In between may be a shower in the House gym, breakfast in the House cafeteria, a late meal at one of the frequent lavish receptions around the city, a chat with the House security guard, and some late-night paperwork in his office as he relaxes in his blue jeans.

"It's been very comfortable," Atkinson says. "I brought down my bedding. It's been warm, secure, like a living room. I get my newspapers at the front door. When you get up in the morning, you're right on the job."

The House has a barbershop, a medical center, and a gym with shower facilities, he pointed out. His office has a closet for his suits, and bookcases and drawers for his pajamas and pillows and blankets. He takes his dirty laundry home on weekends.

A reporter had arranged for Atkinson to be photographed, sitting on his couch with his bedding beside him. But his press secretary called back to say that the congressman was "only joking" when he agreed to the photo.

Atkinson is a "very unpretentious person," she said, but there is a certain dignity that goes along with being a member of Congress. "Would you want someone to take a picture of you in your bedroom?" she asked.
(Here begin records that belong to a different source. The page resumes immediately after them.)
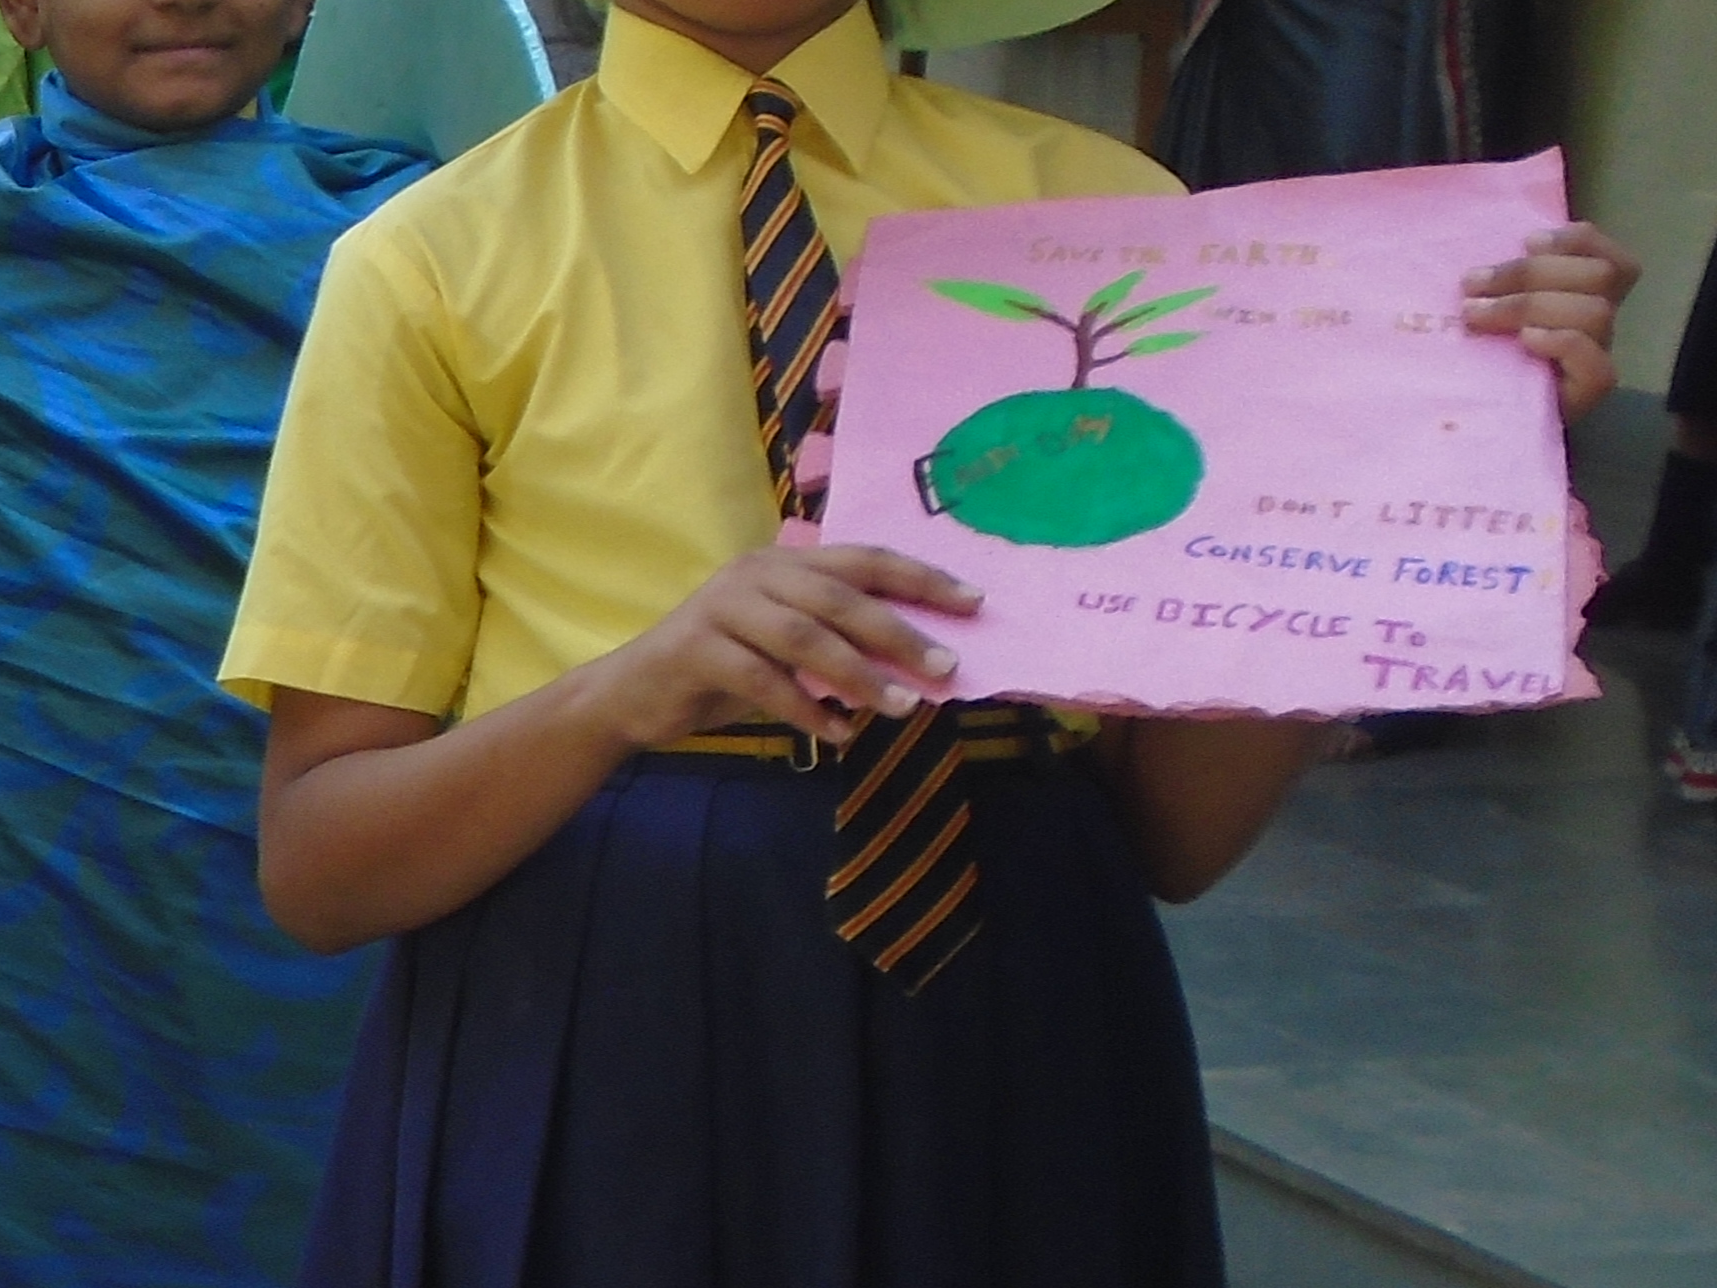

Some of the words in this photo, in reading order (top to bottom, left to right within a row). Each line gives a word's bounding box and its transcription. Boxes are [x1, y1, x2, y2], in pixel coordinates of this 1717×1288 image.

[1184, 535, 1371, 578] CONSERVE
[1156, 597, 1352, 638] BICYCLE
[1364, 653, 1564, 695] TRAVEL
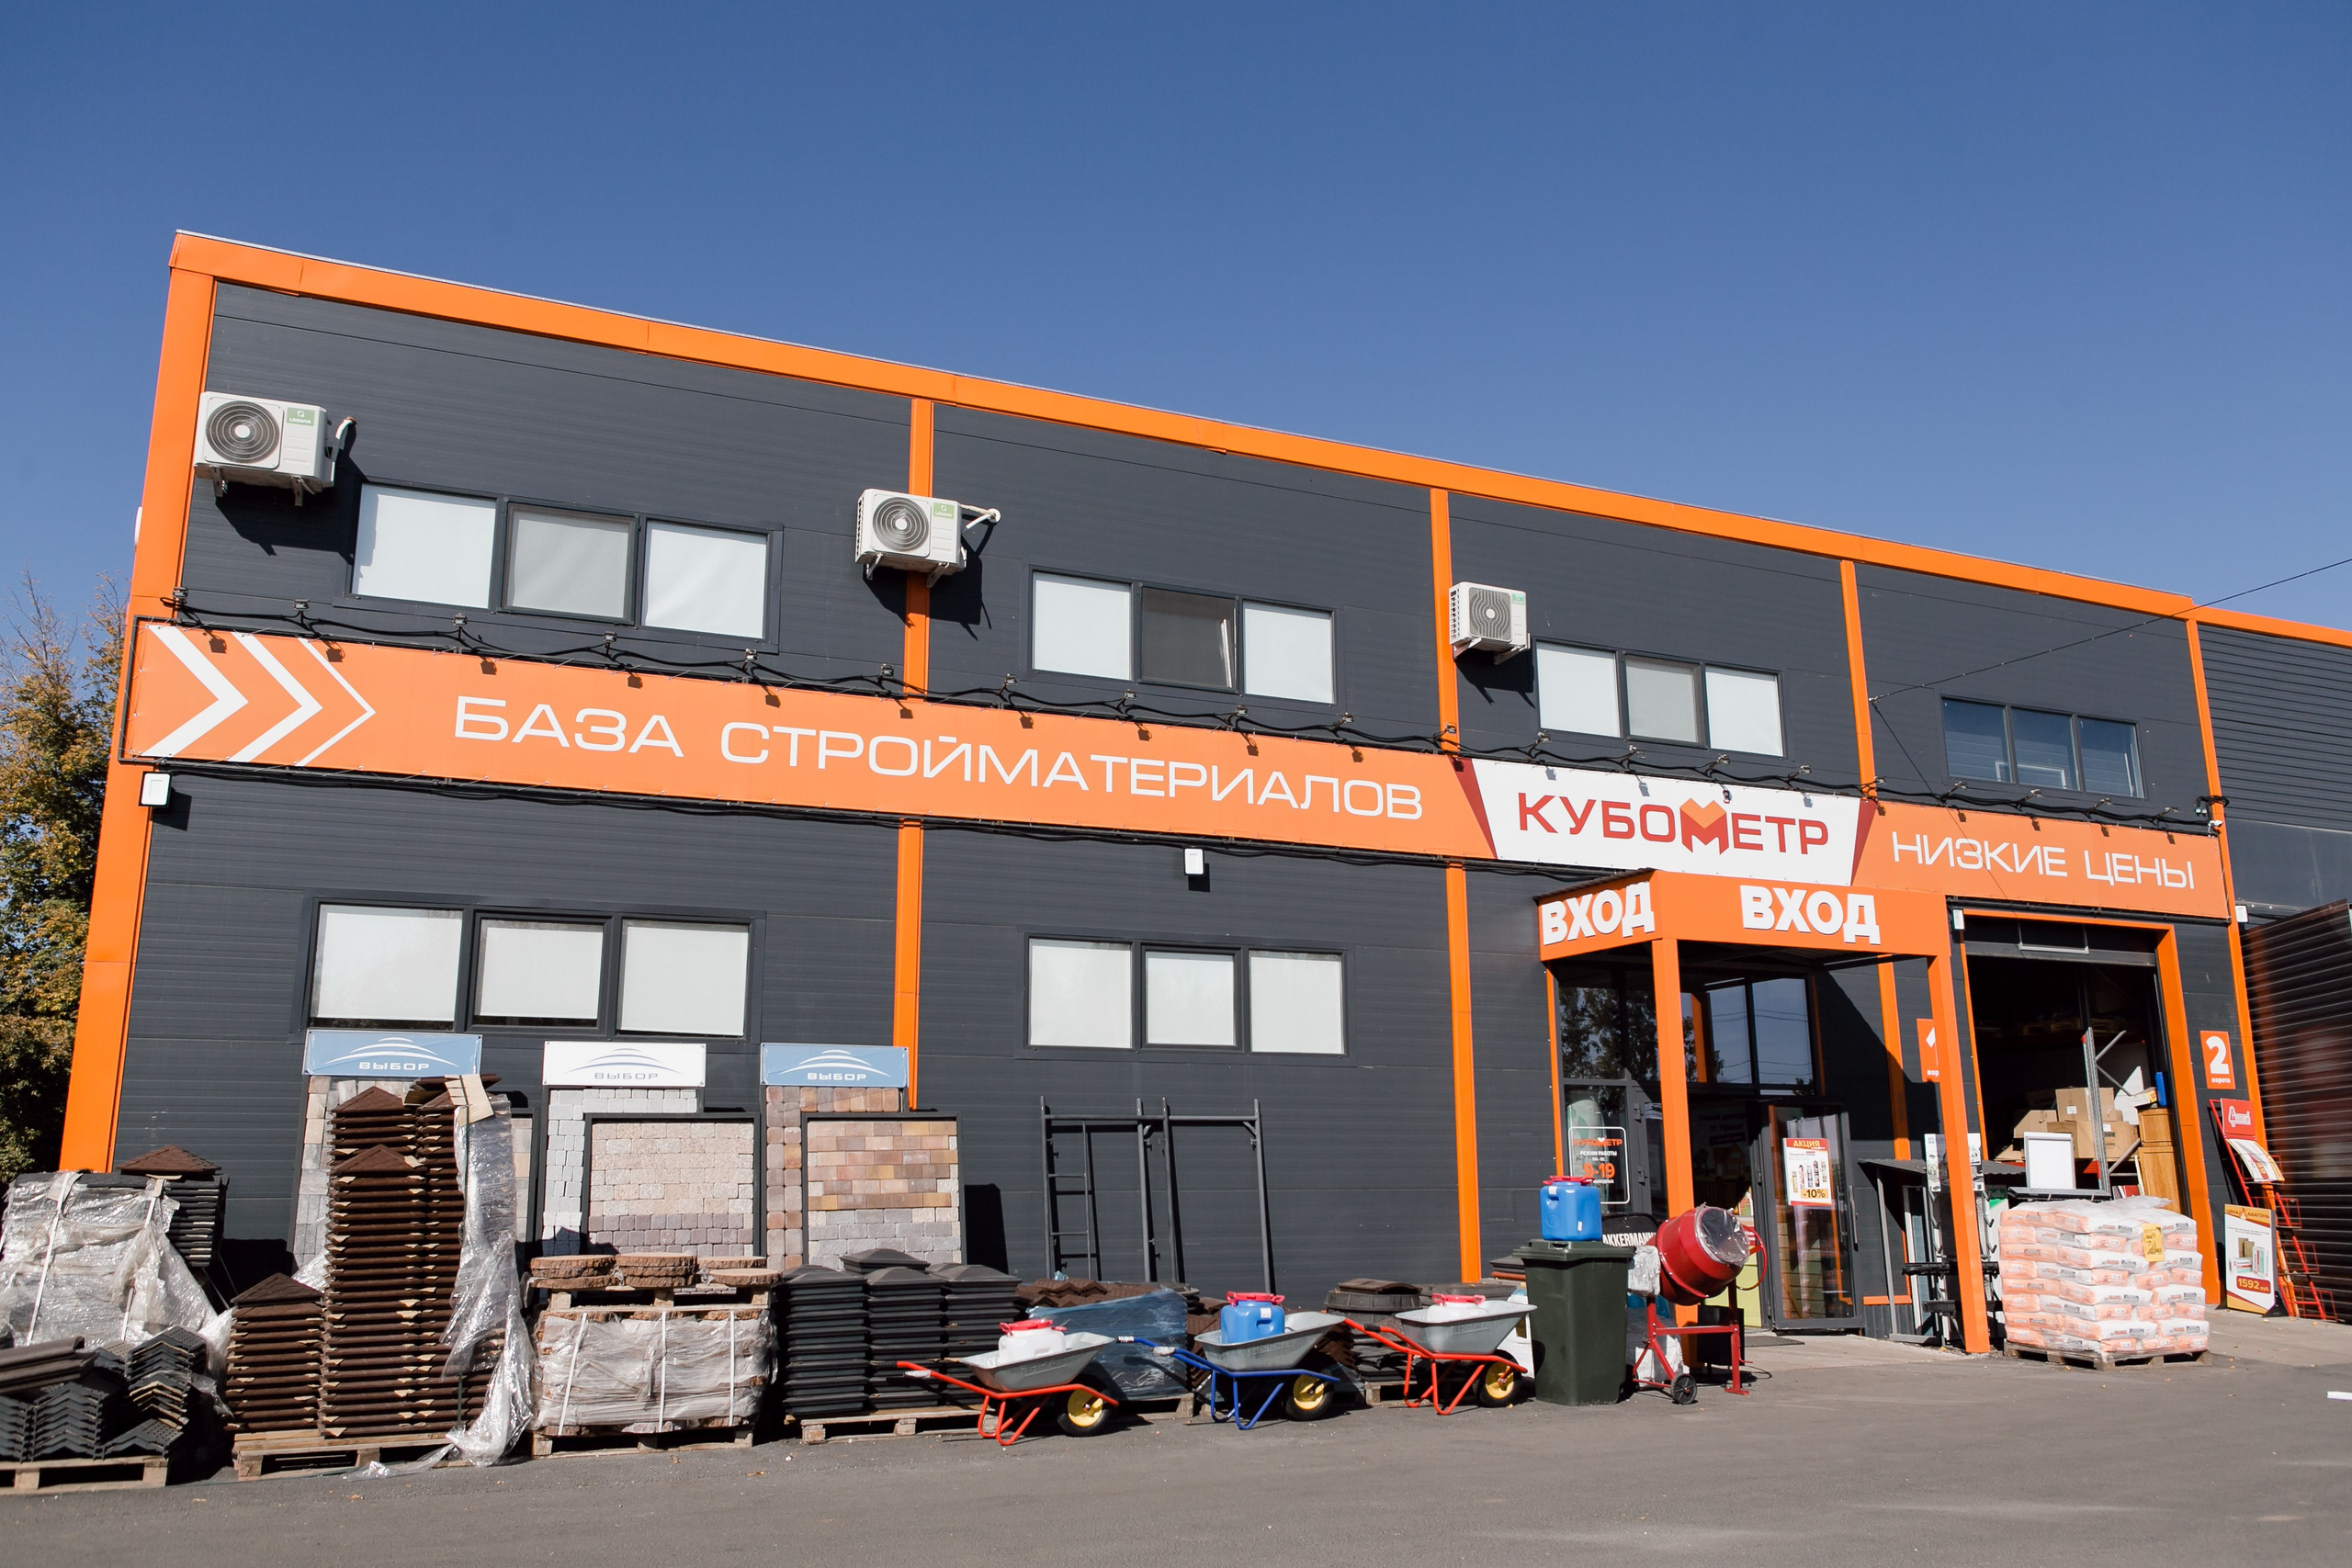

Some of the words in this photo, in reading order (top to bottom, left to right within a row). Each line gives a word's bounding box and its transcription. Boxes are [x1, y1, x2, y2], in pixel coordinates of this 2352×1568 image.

[455, 696, 684, 757] БАЗА
[721, 722, 1422, 819] СТРОЙМАТЕРИАЛОВ
[1519, 797, 1828, 855] КУБОМЕТР
[1892, 831, 2068, 877] НИЗКИЕ
[2084, 850, 2195, 890] ЦЕНЫ
[1542, 882, 1656, 945] ВХОД
[1740, 885, 1881, 945] ВХОД
[2206, 1036, 2230, 1074] 2
[358, 1061, 430, 1071] ВЫБОР
[594, 1072, 659, 1080] ВЫБОР
[807, 1072, 866, 1081] ВЫБОР
[1573, 1137, 1623, 1147] КУБОМЕТР
[1792, 1140, 1820, 1148] АКЦИЯ
[1582, 1163, 1615, 1179] 9-19
[1803, 1189, 1826, 1198] -10%
[2237, 1278, 2259, 1290] 1592
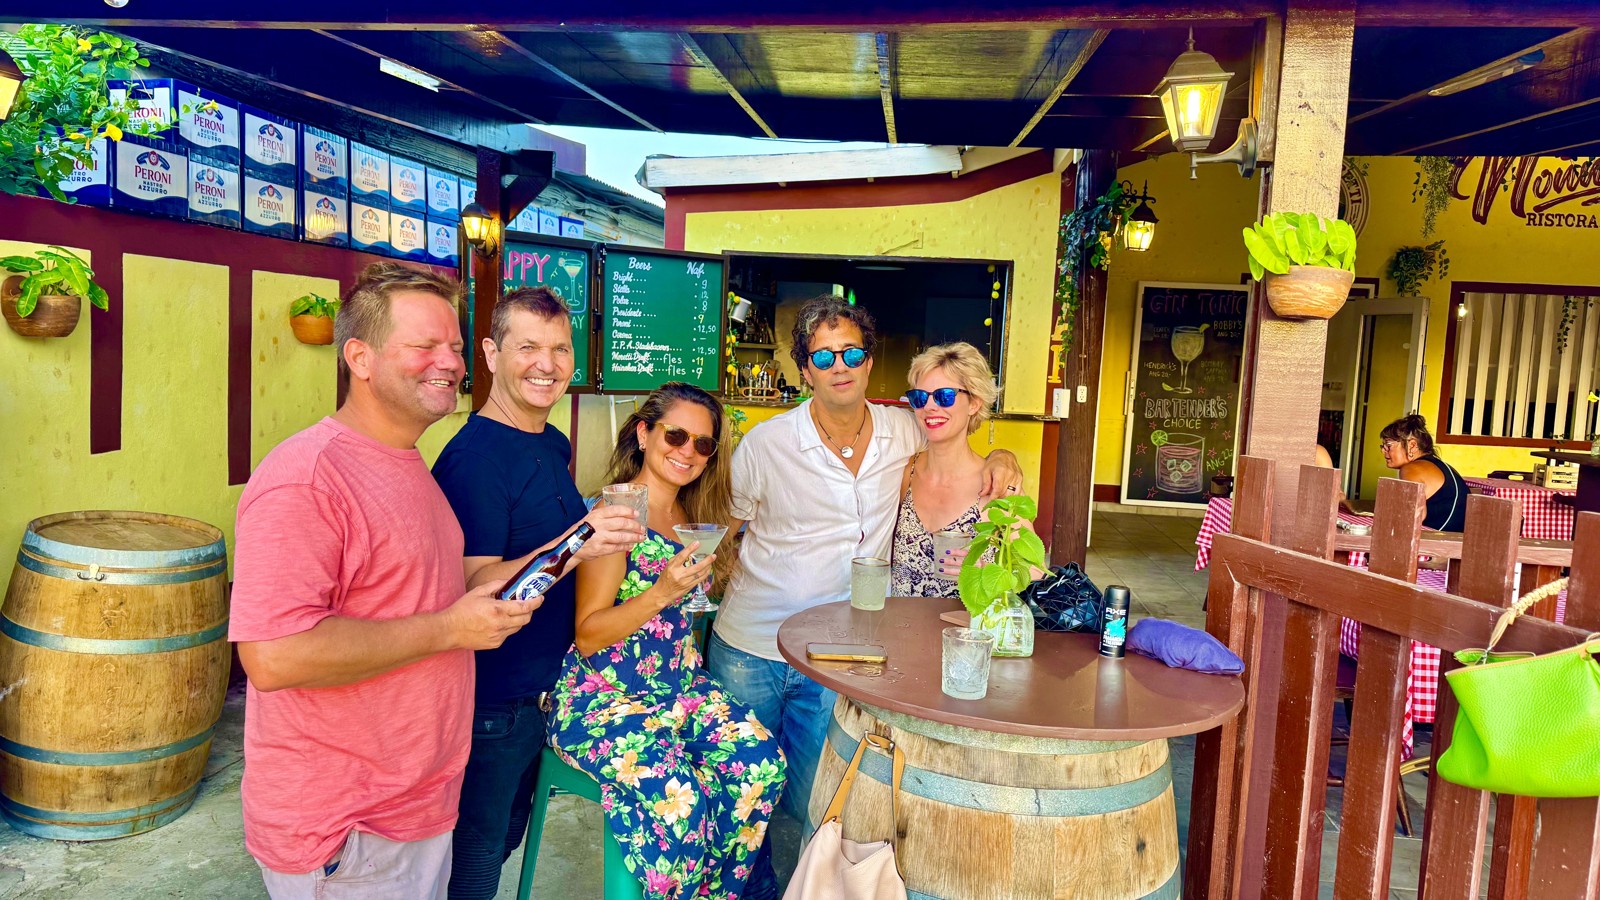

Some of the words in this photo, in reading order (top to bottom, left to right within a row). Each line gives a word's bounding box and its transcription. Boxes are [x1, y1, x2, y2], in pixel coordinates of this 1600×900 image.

[128, 106, 163, 118] RONI
[194, 113, 225, 134] PERONI
[197, 131, 222, 143] AZZURRO
[201, 128, 218, 137] NASTRO
[258, 135, 284, 153] PERONI
[315, 152, 336, 167] PERONI
[134, 164, 172, 185] PERONI
[360, 166, 380, 181] PERONI
[138, 184, 168, 195] AZZURRO
[142, 180, 163, 189] NASTRO
[194, 183, 226, 200] PERONI
[197, 200, 223, 209] AZZURRO
[257, 196, 284, 213] PERONI
[361, 220, 380, 232] PERONI
[628, 256, 652, 271] Beers
[612, 271, 634, 284] Bright
[701, 279, 708, 289] 9
[701, 291, 709, 300] 12
[702, 300, 708, 311] 8
[698, 314, 705, 324] 9
[697, 324, 716, 335] 12,50
[697, 346, 716, 356] 12,50
[663, 353, 683, 365] fles
[696, 357, 704, 367] 11
[668, 364, 687, 377] fles
[696, 367, 703, 380] 9
[1144, 395, 1228, 419] BARTENDER'S
[1163, 418, 1202, 430] CHOICE
[1206, 457, 1225, 472] ANG
[1105, 606, 1127, 616] AXE
All in all, Atkinson said, the House is a "friendly place." Reached alone in his office at 8 a.m., he said he was forced to make his couch his bed because he had a difficult time finding housing in Washington and he grew weary of $50-a-night hotel rooms.

"I had heard rumors (about the high cost of Washington housing)," Atkinson acknowledged. "It's everything they said it would be."

The Congressman said he originally wanted to rent a place, but when he found some bug-infested capitol hill apartments renting for $450 a month, he changed his mind.

Atkinson is buying a $142,000 Watergate condominium with one bedroom and a den, and hopes to move there within a few days. He is awaiting furniture for his new home.

"For that price back home," laughed Atkinson, who owns an insurance and securities firm and returns home on weekends to his family, "You would get acreage and a home and a pool and everything else."

A fellow member of Congress, Rep. Donald L. Ritter (R-PA.), knows the feeling well. Ritter has to resort to looking for a roommate to share his housing expenses.

"It was a shocking experience," Ritter, 38, said of his search for a nice place to rent on Capital Hill. He added that the "Little Apartments" he found were inferior to what he lived in as a college student.

You work hard all your career and you've done well, and you come from a nice home back home, and here you are a Congressman in Washington, D.C., about to go back to your undergraduate days," Ritter said.

Ritter ended up renting, for $675 a month, a "very cute" house with two tiny bedrooms, he said. He spent months looking for a roommate to share it, hoping for another congressman whose family wasn'T with him. He said he finally found a "friend of a friend" who agreed to share the house and the monthly payments.

"People who already live in Washington know about housing here," said Atkinson. "People from outside don't believe it until they experience it directly. If you come from Middle America, it's quite a shock."